:: Task input ::
↓
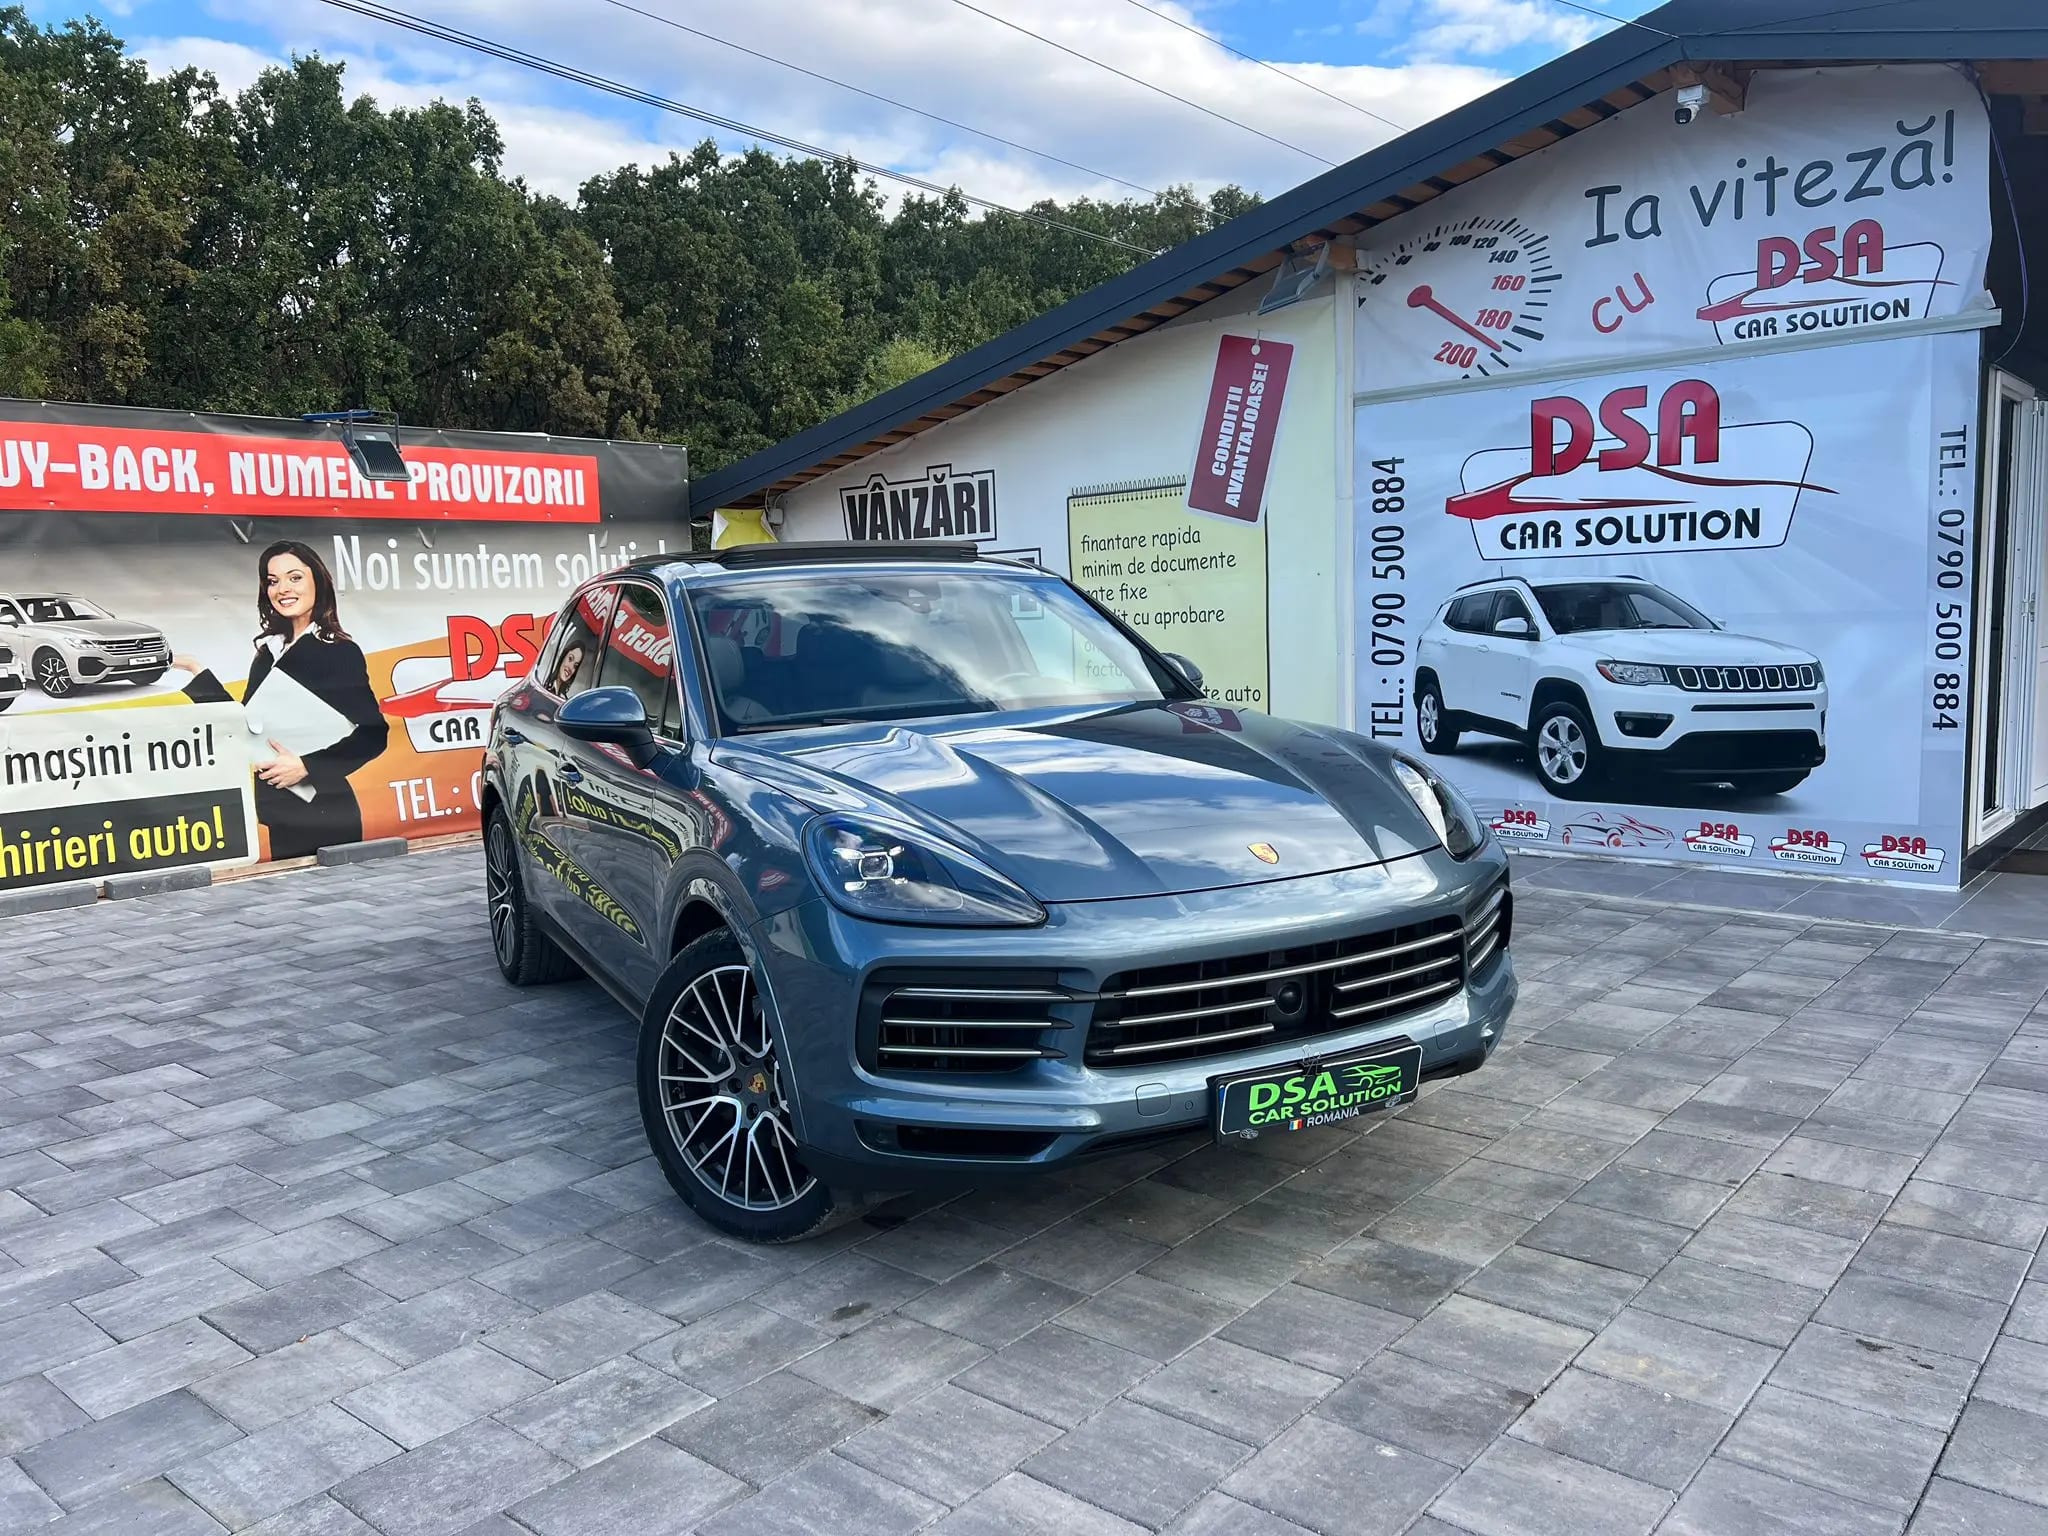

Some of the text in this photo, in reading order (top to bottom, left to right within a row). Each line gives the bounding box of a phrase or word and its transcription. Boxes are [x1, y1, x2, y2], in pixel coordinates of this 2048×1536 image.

[1585, 109, 1955, 248] Ia viteză!
[1449, 234, 1473, 246] 100
[1472, 236, 1499, 249] 120
[1488, 250, 1519, 263] 140
[1757, 218, 1884, 290] DSA
[1491, 274, 1526, 292] 160
[1475, 308, 1513, 330] 180
[1592, 272, 1655, 334] cu
[1734, 298, 1910, 340] CAR SOLUTION
[1434, 341, 1478, 369] 200
[1211, 386, 1244, 477] CONDITII
[1225, 362, 1270, 509] AVANTAJOASE!
[1530, 378, 1721, 478] DSA
[406, 460, 585, 506] PROVIZORII
[1371, 456, 1405, 513] 884
[845, 472, 992, 541] VÂNZĂRI
[1081, 525, 1201, 554] finantare rapida
[1500, 507, 1761, 551] CAR SOLUTION
[333, 534, 400, 591] Noi
[413, 543, 543, 590] suntem
[1082, 551, 1237, 578] minim de documente
[1371, 525, 1406, 580] 500
[1936, 509, 1966, 589] 0790
[1119, 582, 1148, 601] fixe
[1133, 612, 1150, 626] cu
[1154, 605, 1226, 630] aprobare
[1371, 593, 1406, 666] 0790
[1935, 602, 1963, 660] 500
[1225, 685, 1261, 702] auto
[1932, 672, 1961, 731] 884
[429, 716, 481, 743] CAR
[4, 723, 216, 790] mașini noi!
[129, 805, 226, 861] auto!
[1503, 809, 1537, 826] DSA
[1512, 830, 1544, 838] SOLUTION
[1700, 822, 1739, 841] DSA
[1693, 843, 1746, 855] CAR SOLUTION
[1787, 828, 1829, 848] DSA
[1881, 834, 1927, 855] DSA
[1797, 853, 1837, 863] SOLUTION
[1873, 859, 1935, 871] CAR SOLUTION
[1249, 1071, 1338, 1112] DSA
[1249, 1081, 1402, 1125] CAR SOLUTION
[1306, 1106, 1360, 1128] ROMANIA
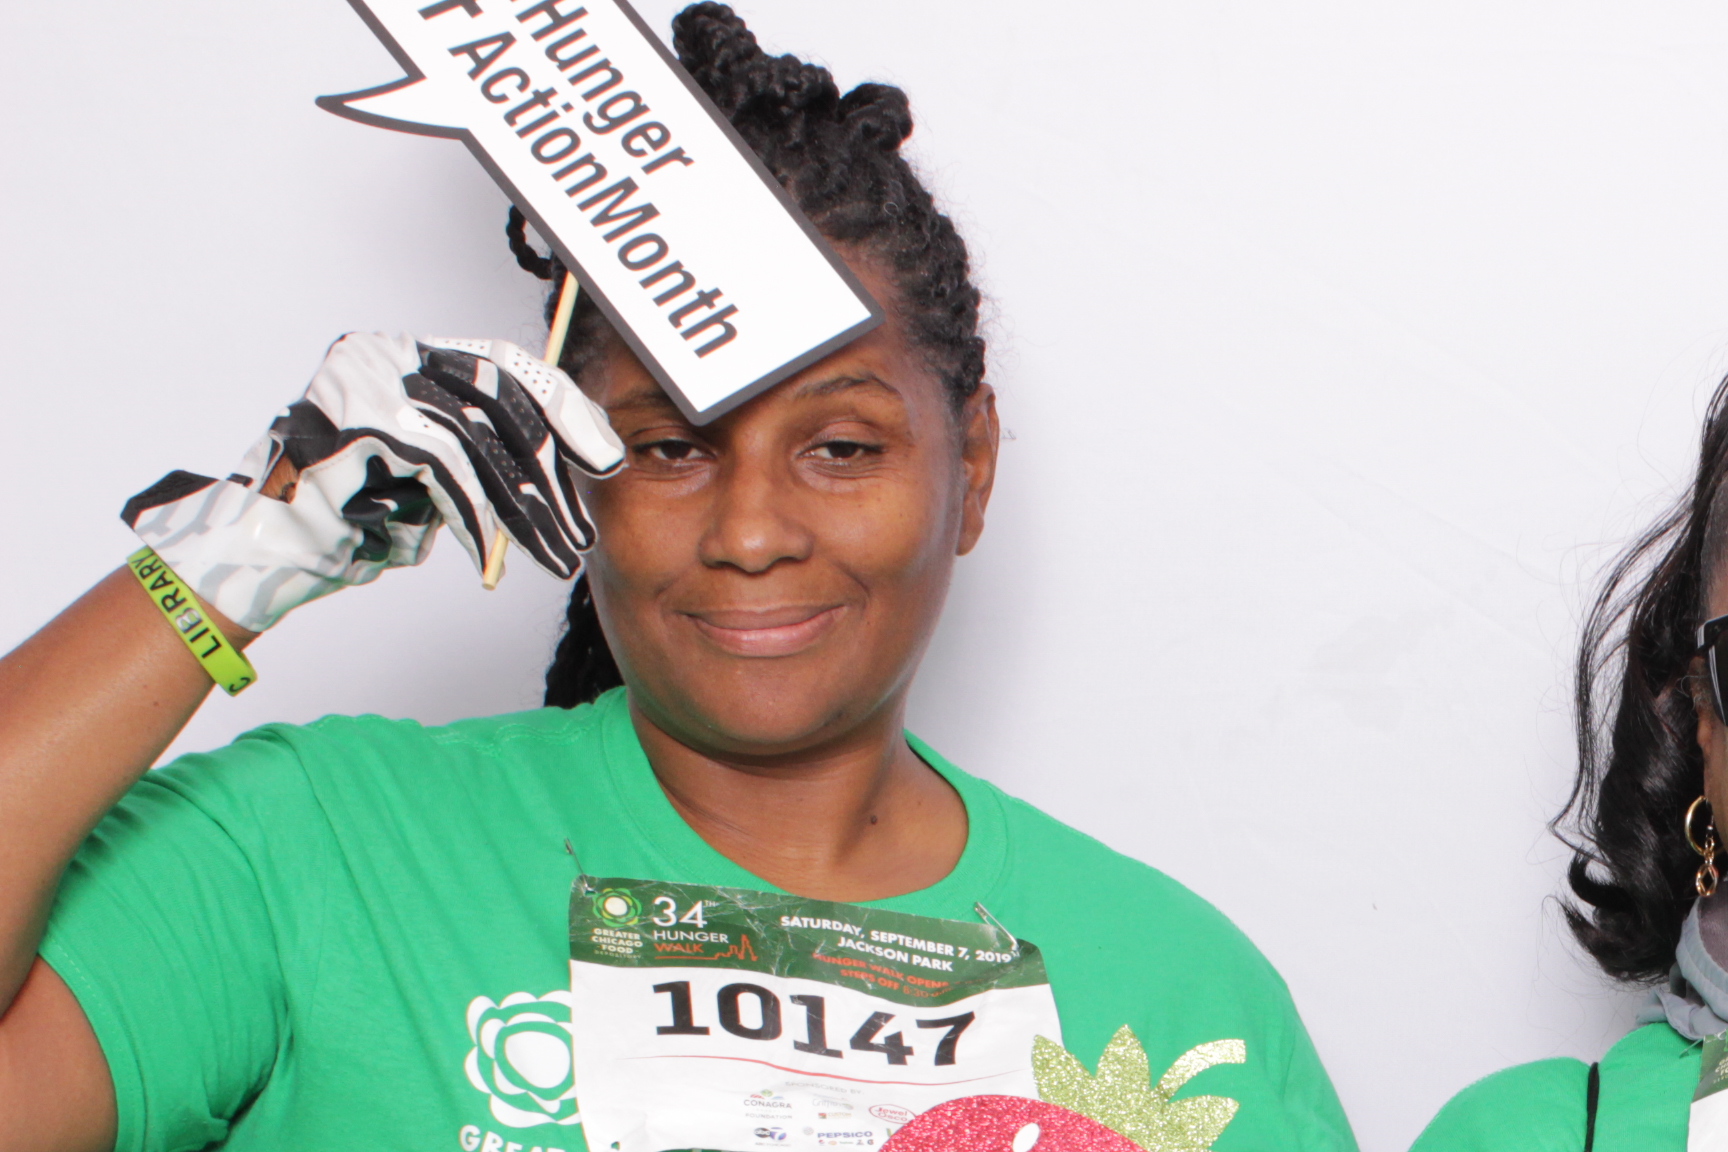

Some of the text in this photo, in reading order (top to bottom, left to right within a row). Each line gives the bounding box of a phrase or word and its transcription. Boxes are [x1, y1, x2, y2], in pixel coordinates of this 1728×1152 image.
↑
:: Exercise aim ::
Print the whole listing above once more, word for word, without its pictures.

:: Task answer ::
Some of the text in this photo, in reading order (top to bottom, left to right within a row). Each line gives the bounding box of a phrase or word and its transcription. Boxes are [x1, y1, x2, y2], in pixel coordinates of this 2048×1536 image.

[1585, 109, 1955, 248] Ia viteză!
[1449, 234, 1473, 246] 100
[1472, 236, 1499, 249] 120
[1488, 250, 1519, 263] 140
[1757, 218, 1884, 290] DSA
[1491, 274, 1526, 292] 160
[1475, 308, 1513, 330] 180
[1592, 272, 1655, 334] cu
[1734, 298, 1910, 340] CAR SOLUTION
[1434, 341, 1478, 369] 200
[1211, 386, 1244, 477] CONDITII
[1225, 362, 1270, 509] AVANTAJOASE!
[1530, 378, 1721, 478] DSA
[406, 460, 585, 506] PROVIZORII
[1371, 456, 1405, 513] 884
[845, 472, 992, 541] VÂNZĂRI
[1081, 525, 1201, 554] finantare rapida
[1500, 507, 1761, 551] CAR SOLUTION
[333, 534, 400, 591] Noi
[413, 543, 543, 590] suntem
[1082, 551, 1237, 578] minim de documente
[1371, 525, 1406, 580] 500
[1936, 509, 1966, 589] 0790
[1119, 582, 1148, 601] fixe
[1133, 612, 1150, 626] cu
[1154, 605, 1226, 630] aprobare
[1371, 593, 1406, 666] 0790
[1935, 602, 1963, 660] 500
[1225, 685, 1261, 702] auto
[1932, 672, 1961, 731] 884
[429, 716, 481, 743] CAR
[4, 723, 216, 790] mașini noi!
[129, 805, 226, 861] auto!
[1503, 809, 1537, 826] DSA
[1512, 830, 1544, 838] SOLUTION
[1700, 822, 1739, 841] DSA
[1693, 843, 1746, 855] CAR SOLUTION
[1787, 828, 1829, 848] DSA
[1881, 834, 1927, 855] DSA
[1797, 853, 1837, 863] SOLUTION
[1873, 859, 1935, 871] CAR SOLUTION
[1249, 1071, 1338, 1112] DSA
[1249, 1081, 1402, 1125] CAR SOLUTION
[1306, 1106, 1360, 1128] ROMANIA

Some of the text in this photo, in reading order (top to bottom, left to right within a row). Each line gives the bounding box of a phrase or word and its transcription. Boxes are [x1, y1, x2, y2], in pixel coordinates of this 1728×1152 image.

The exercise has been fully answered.